YOUR GOAL: Output the data word for word, dropping every image.

[Image-backed grounding data]
....

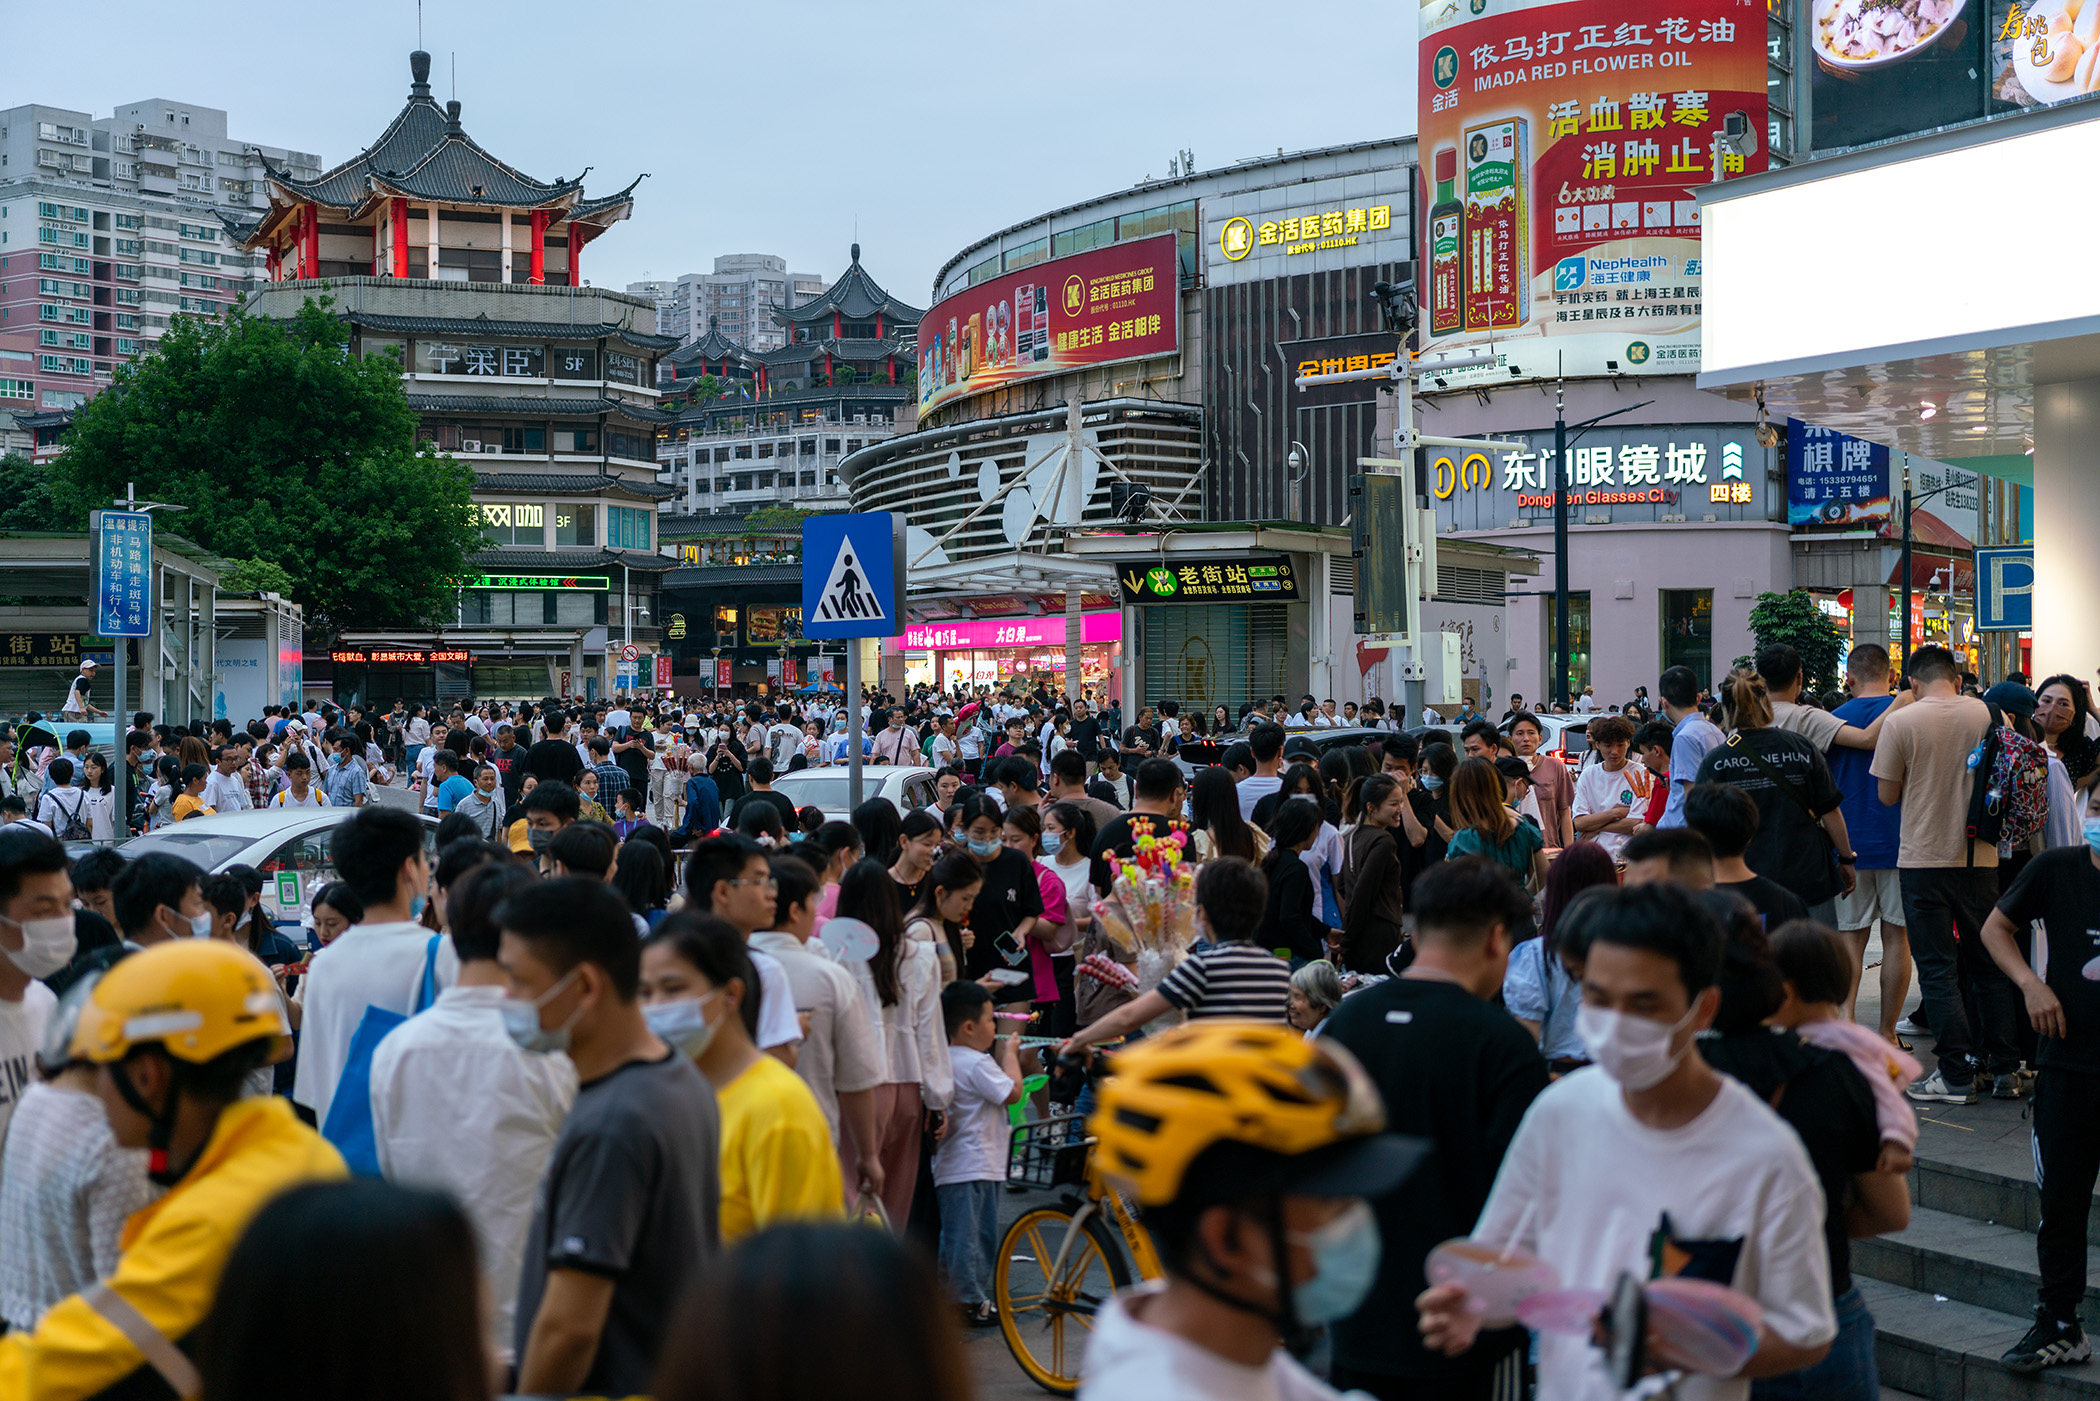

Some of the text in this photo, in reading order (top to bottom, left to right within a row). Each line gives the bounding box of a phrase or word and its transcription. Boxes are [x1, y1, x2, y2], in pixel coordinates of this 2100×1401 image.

[1469, 16, 1736, 71] 依马打正红花油
[1998, 2, 2054, 67] 寿桃包
[1474, 51, 1692, 92] IMADA RED FLOWER OIL
[1432, 88, 1458, 114] 金活
[1547, 90, 1710, 138] 活血散寒
[1558, 181, 1616, 205] 6大功效
[1258, 204, 1391, 246] 金活医药集团
[1498, 219, 1509, 294] 依马打正红花油
[1590, 255, 1668, 271] NepHealth
[1089, 275, 1154, 302] 金活医药集团
[1590, 270, 1651, 285] 海王健康
[1556, 286, 1701, 305] 手机买药 就上海王星辰
[1057, 314, 1161, 352] 健康生活 金活相伴
[427, 345, 533, 376] 宁采臣
[565, 357, 585, 372] 5F
[1656, 349, 1701, 359] 金活医药
[1502, 441, 1707, 491] 东门眼镜城
[1803, 440, 1871, 473] 棋牌
[1518, 488, 1679, 508] Dongen Glasses City
[1710, 482, 1752, 504] 四楼
[1804, 484, 1871, 500] 请上五楼
[104, 517, 149, 533] 温馨提示
[556, 515, 571, 528] 3F
[108, 534, 123, 630] 非机动车和行人过
[128, 536, 142, 626] 马路请走斑马线
[498, 577, 560, 587] 沉浸式体验馆
[1178, 564, 1249, 585] 老街站
[1991, 556, 2034, 621] P
[9, 635, 76, 655] 街站
[995, 626, 1026, 644] 大白兔

....

EXERCISE RESPONSE:
Some of the text in this photo, in reading order (top to bottom, left to right within a row). Each line gives the bounding box of a phrase or word and its transcription. Boxes are [x1, y1, x2, y2], in pixel coordinates of this 2100×1401 image.

[1469, 16, 1736, 71] 依马打正红花油
[1998, 2, 2054, 67] 寿桃包
[1474, 51, 1692, 92] IMADA RED FLOWER OIL
[1432, 88, 1458, 114] 金活
[1547, 90, 1710, 138] 活血散寒
[1558, 181, 1616, 205] 6大功效
[1258, 204, 1391, 246] 金活医药集团
[1498, 219, 1509, 294] 依马打正红花油
[1590, 255, 1668, 271] NepHealth
[1089, 275, 1154, 302] 金活医药集团
[1590, 270, 1651, 285] 海王健康
[1556, 286, 1701, 305] 手机买药 就上海王星辰
[1057, 314, 1161, 352] 健康生活 金活相伴
[427, 345, 533, 376] 宁采臣
[565, 357, 585, 372] 5F
[1656, 349, 1701, 359] 金活医药
[1502, 441, 1707, 491] 东门眼镜城
[1803, 440, 1871, 473] 棋牌
[1518, 488, 1679, 508] Dongen Glasses City
[1710, 482, 1752, 504] 四楼
[1804, 484, 1871, 500] 请上五楼
[104, 517, 149, 533] 温馨提示
[556, 515, 571, 528] 3F
[108, 534, 123, 630] 非机动车和行人过
[128, 536, 142, 626] 马路请走斑马线
[498, 577, 560, 587] 沉浸式体验馆
[1178, 564, 1249, 585] 老街站
[1991, 556, 2034, 621] P
[9, 635, 76, 655] 街站
[995, 626, 1026, 644] 大白兔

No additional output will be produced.